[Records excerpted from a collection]
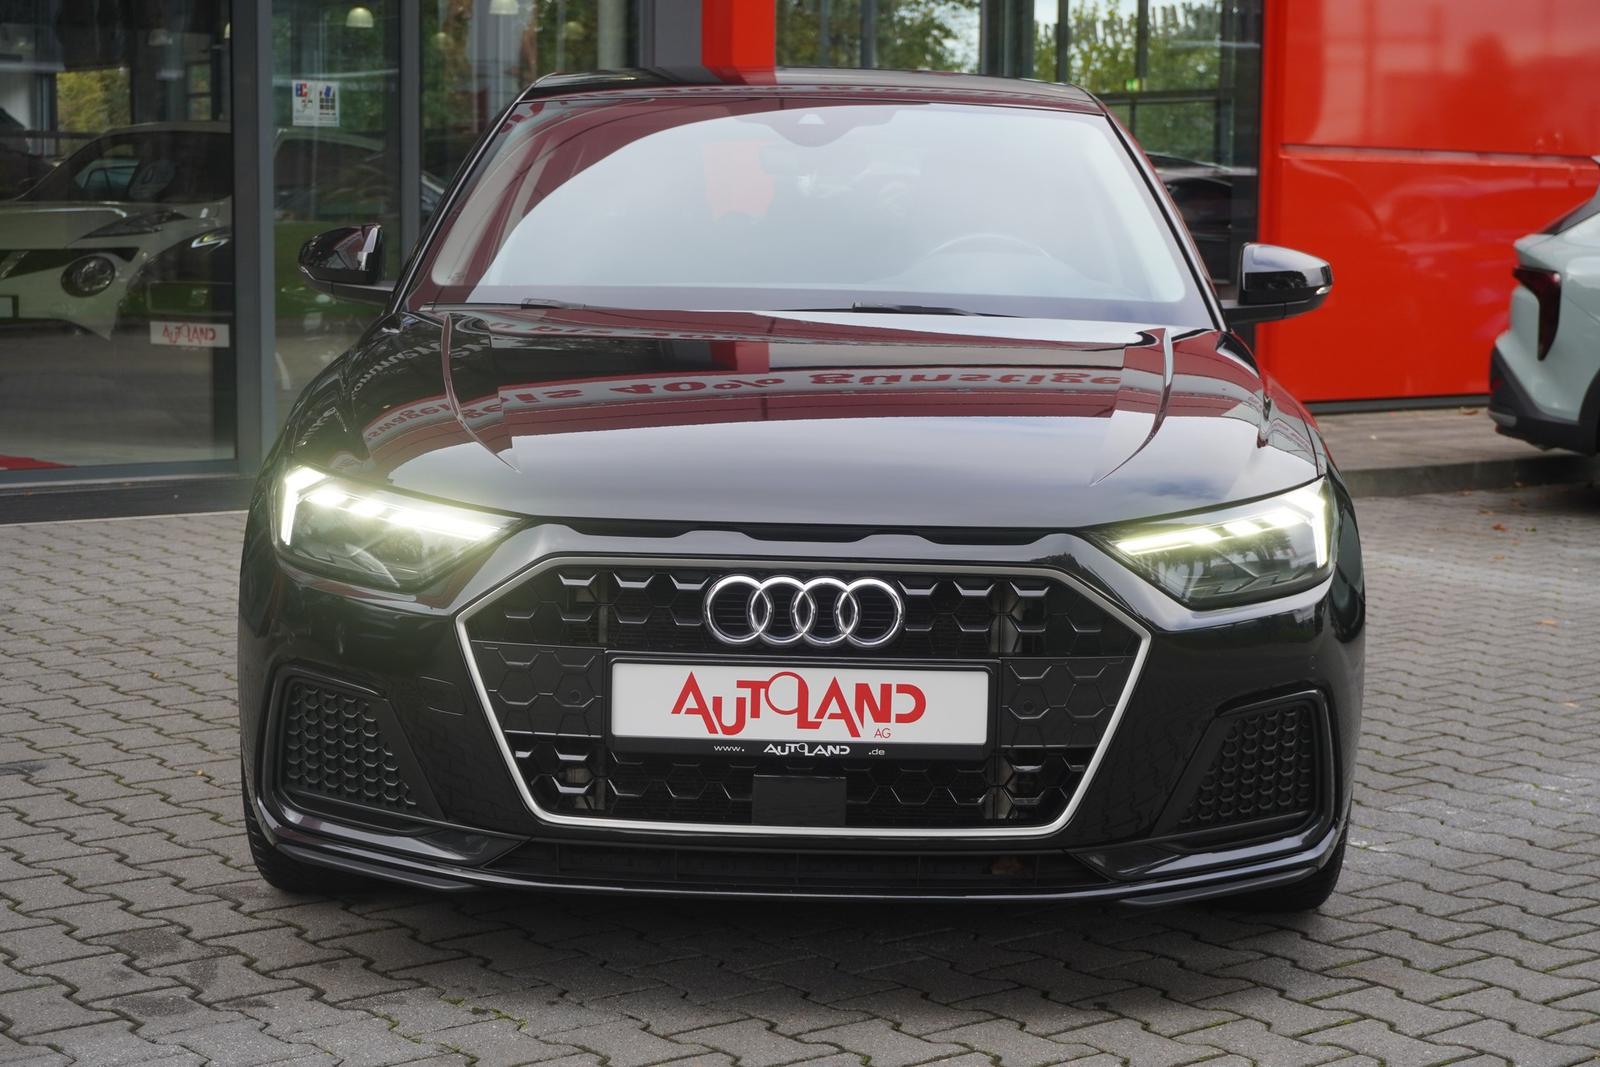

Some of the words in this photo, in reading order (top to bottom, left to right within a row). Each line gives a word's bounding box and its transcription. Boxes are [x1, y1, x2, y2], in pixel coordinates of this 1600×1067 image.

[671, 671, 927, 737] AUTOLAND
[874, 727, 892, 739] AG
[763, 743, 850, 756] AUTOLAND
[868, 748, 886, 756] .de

● **EXERCISE**
Your job is to copy each entry exactly as written; the pictures do not go in.

● **TASK SOLUTION**
Some of the words in this photo, in reading order (top to bottom, left to right within a row). Each line gives a word's bounding box and its transcription. Boxes are [x1, y1, x2, y2], in pixel coordinates of this 1600×1067 image.

[671, 671, 927, 737] AUTOLAND
[874, 727, 892, 739] AG
[763, 743, 850, 756] AUTOLAND
[868, 748, 886, 756] .de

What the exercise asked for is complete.